Action item: From the line containing "Some of the words" to the end of the listing, write out every line exactly; leave out everything else.

Records for the task:
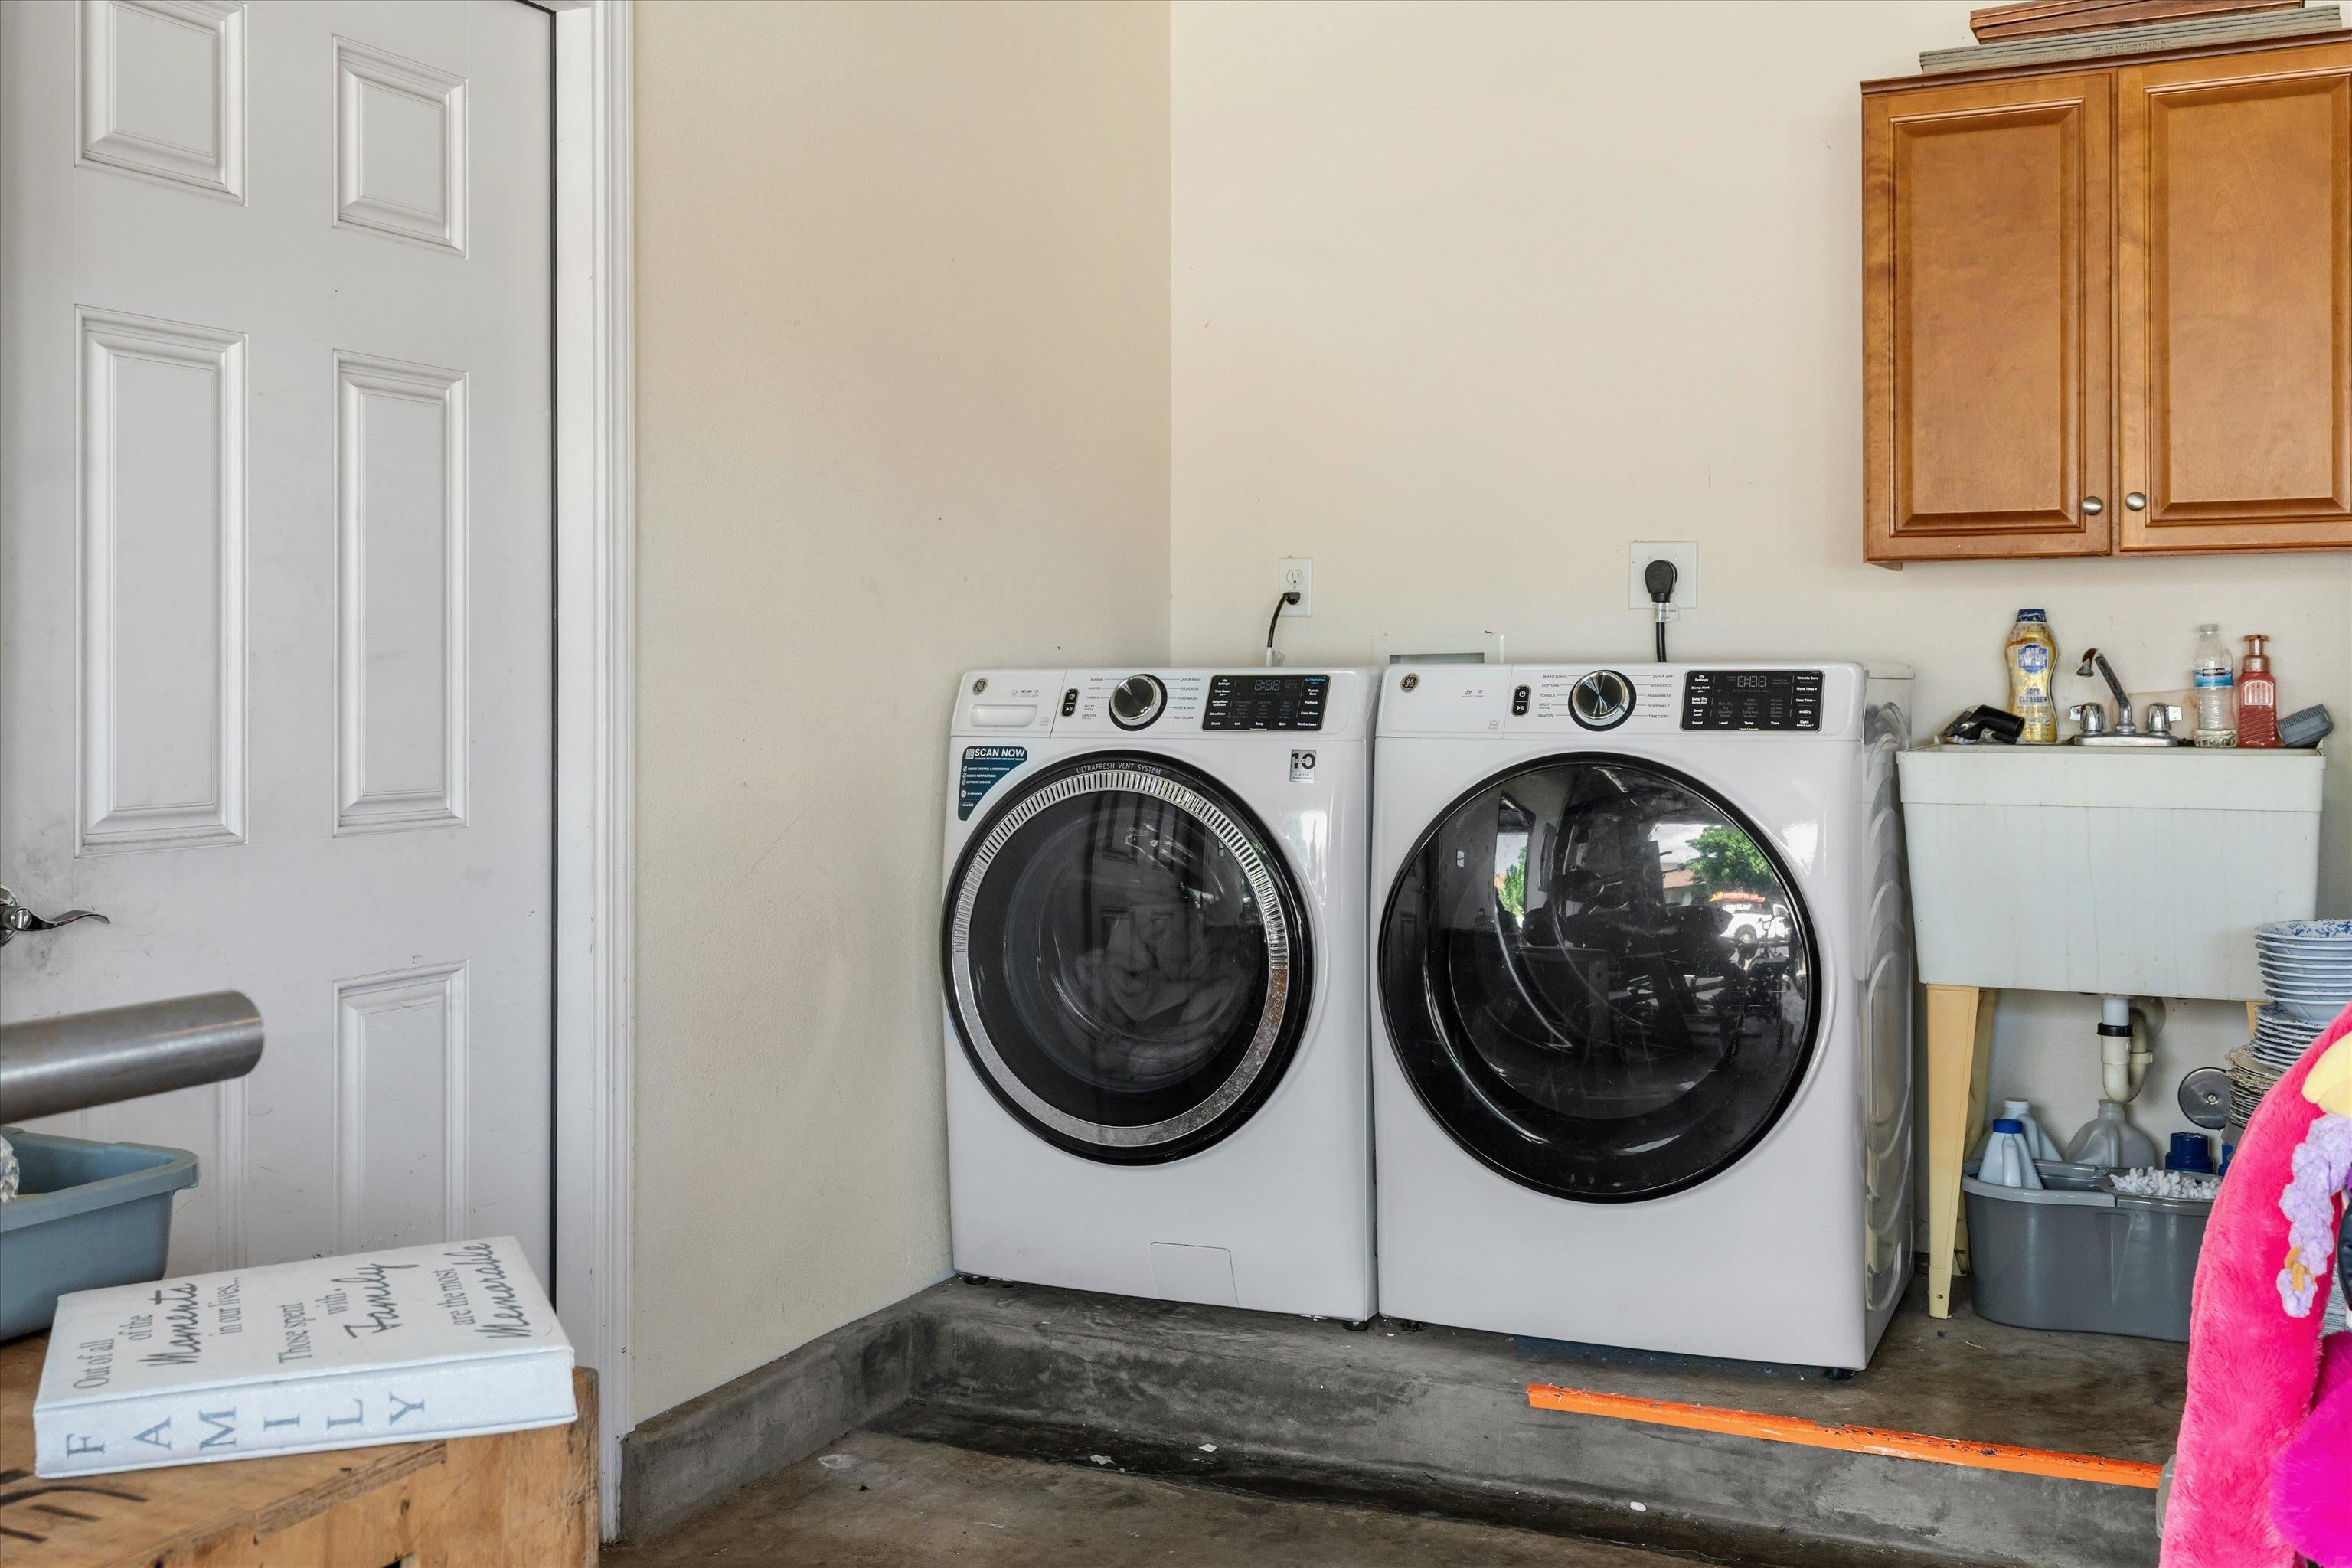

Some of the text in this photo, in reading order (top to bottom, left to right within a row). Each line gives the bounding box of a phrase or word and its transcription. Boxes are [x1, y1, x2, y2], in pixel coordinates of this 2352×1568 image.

[975, 748, 1025, 757] SCAN NOW
[1076, 763, 1115, 773] ULTRAFRESH
[1137, 764, 1161, 775] SYSTEM
[1292, 753, 1315, 769] 10
[315, 1292, 349, 1315] with
[331, 1263, 420, 1338] Family
[433, 1269, 476, 1326] are the most
[443, 1243, 532, 1338] Memorable
[118, 1314, 153, 1340] of the
[136, 1283, 202, 1367] Moments
[208, 1323, 243, 1337] in
[219, 1307, 242, 1323] our
[277, 1302, 316, 1364] Those spent
[72, 1338, 115, 1389] Out of all
[66, 1392, 425, 1458] FAMILY
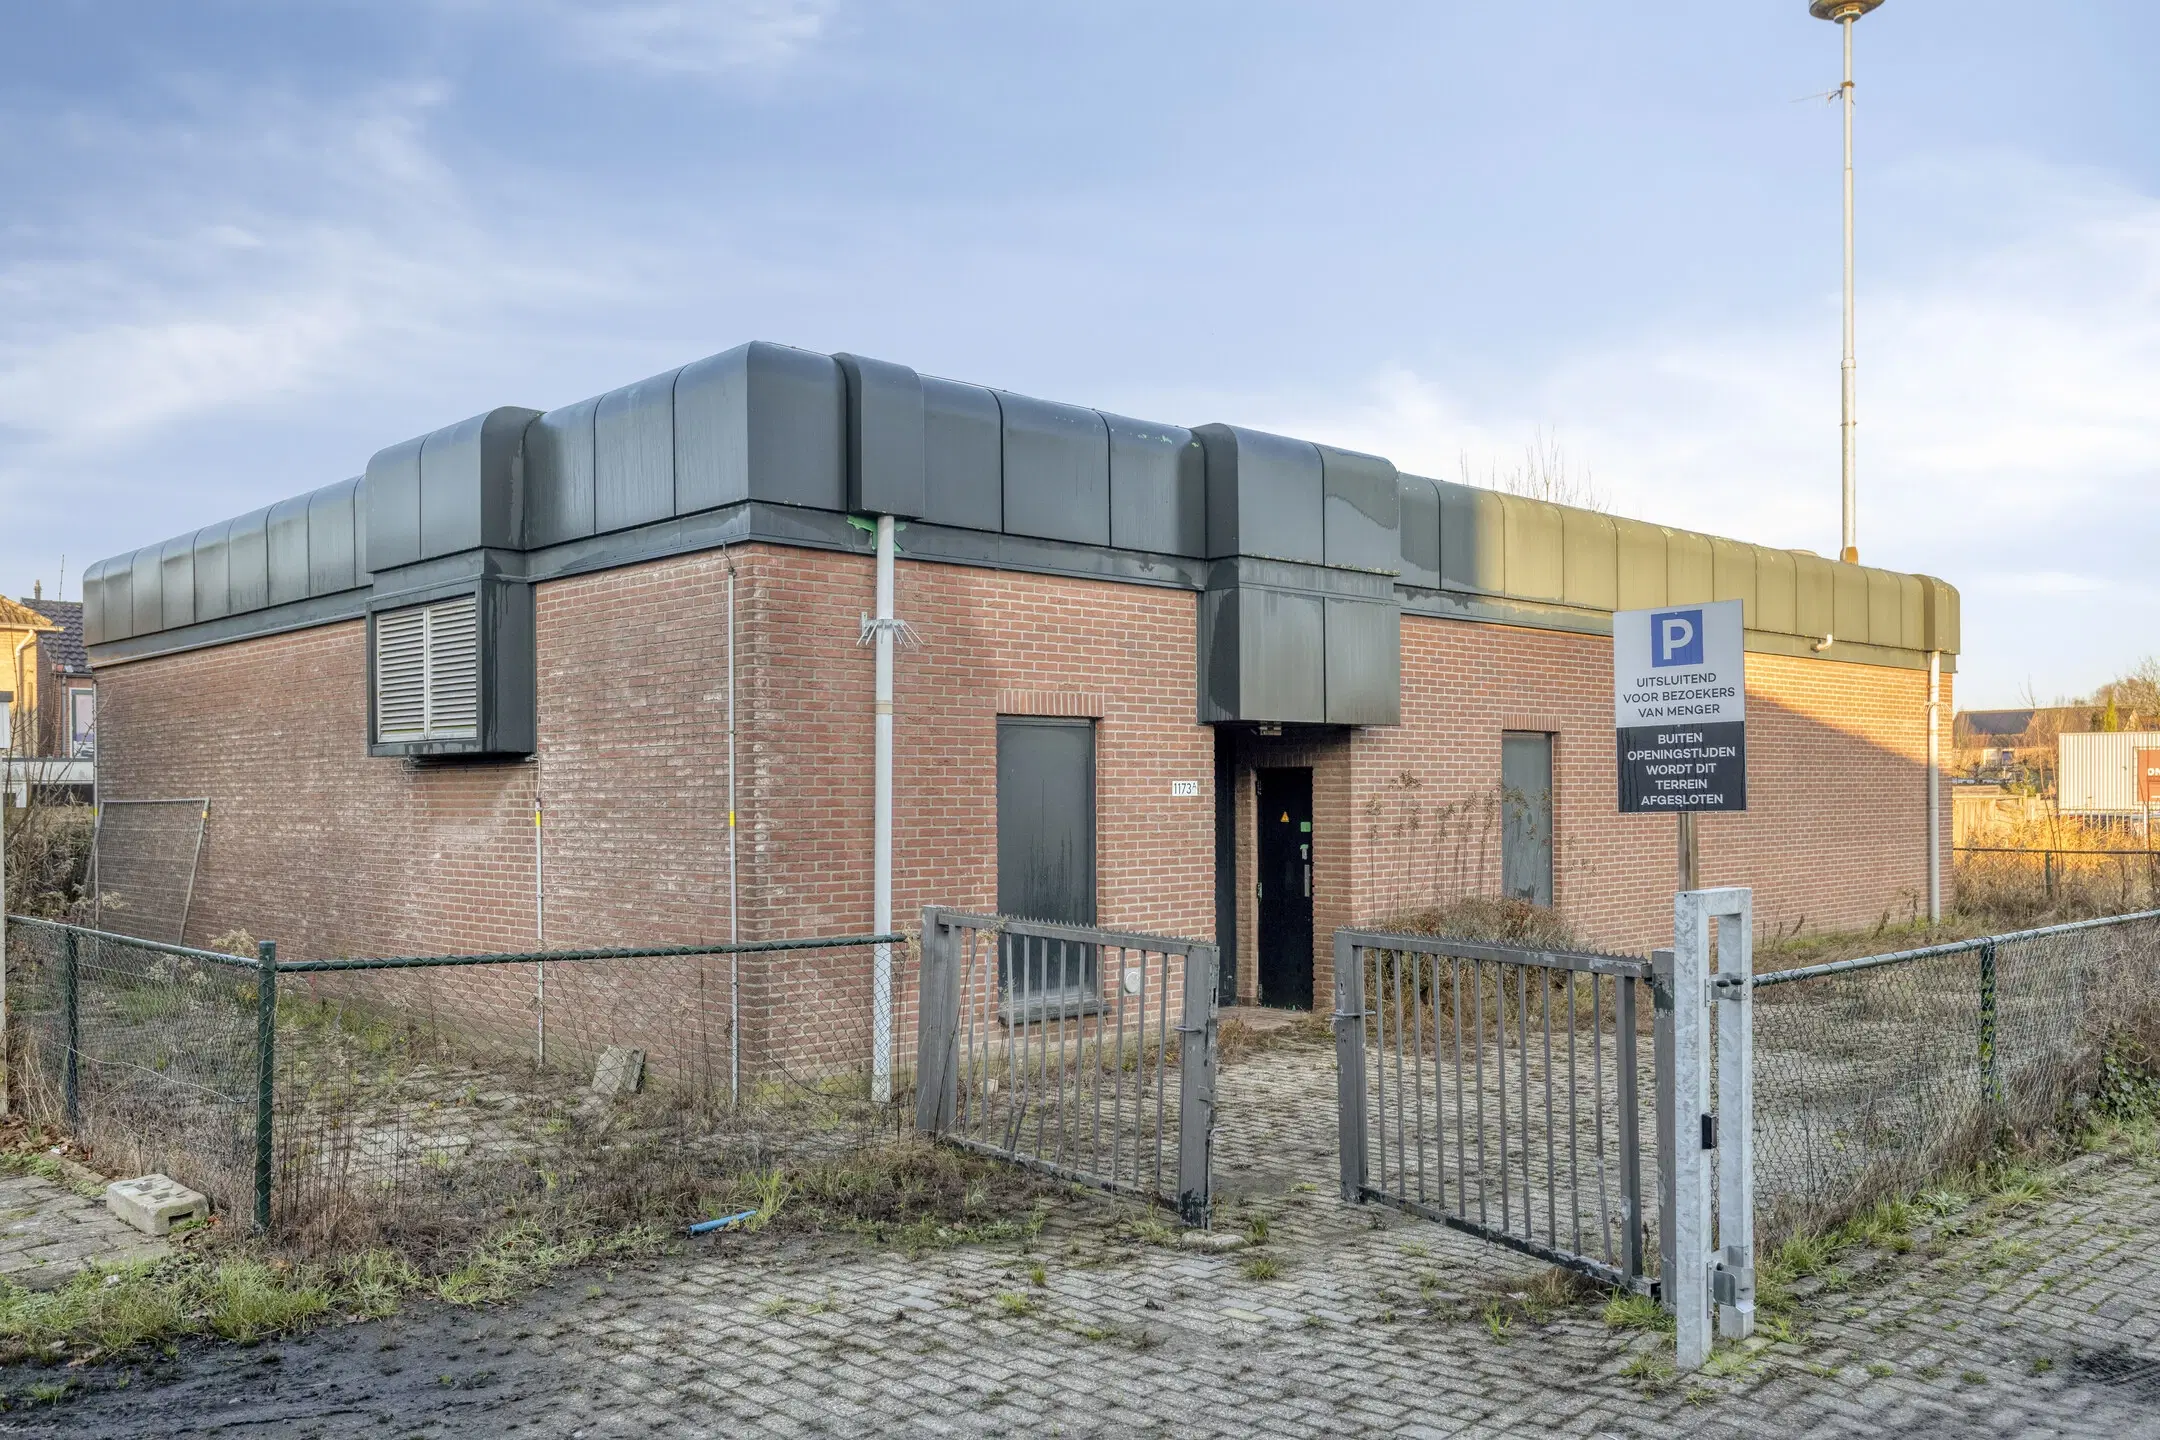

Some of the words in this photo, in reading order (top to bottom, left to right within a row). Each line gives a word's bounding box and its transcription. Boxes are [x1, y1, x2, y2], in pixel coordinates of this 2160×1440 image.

[1662, 618, 1693, 660] P
[1636, 673, 1717, 687] UITSLUITEND
[1623, 692, 1659, 704] VOOR
[1662, 687, 1735, 701] BEZOEKERS
[1638, 708, 1664, 718] VAN
[1667, 703, 1720, 716] MENGER
[1658, 732, 1703, 744] BUITEN
[1627, 747, 1735, 760] OPENINGSTIJDEN
[1645, 764, 1693, 775] WORDT
[1696, 763, 1717, 773] DIT
[1655, 779, 1708, 790] TERREIN
[1641, 794, 1723, 806] AFGESLOTEN

Solved problem:
Some of the words in this photo, in reading order (top to bottom, left to right within a row). Each line gives a word's bounding box and its transcription. Boxes are [x1, y1, x2, y2], in pixel coordinates of this 2160×1440 image.

[1662, 618, 1693, 660] P
[1636, 673, 1717, 687] UITSLUITEND
[1623, 692, 1659, 704] VOOR
[1662, 687, 1735, 701] BEZOEKERS
[1638, 708, 1664, 718] VAN
[1667, 703, 1720, 716] MENGER
[1658, 732, 1703, 744] BUITEN
[1627, 747, 1735, 760] OPENINGSTIJDEN
[1645, 764, 1693, 775] WORDT
[1696, 763, 1717, 773] DIT
[1655, 779, 1708, 790] TERREIN
[1641, 794, 1723, 806] AFGESLOTEN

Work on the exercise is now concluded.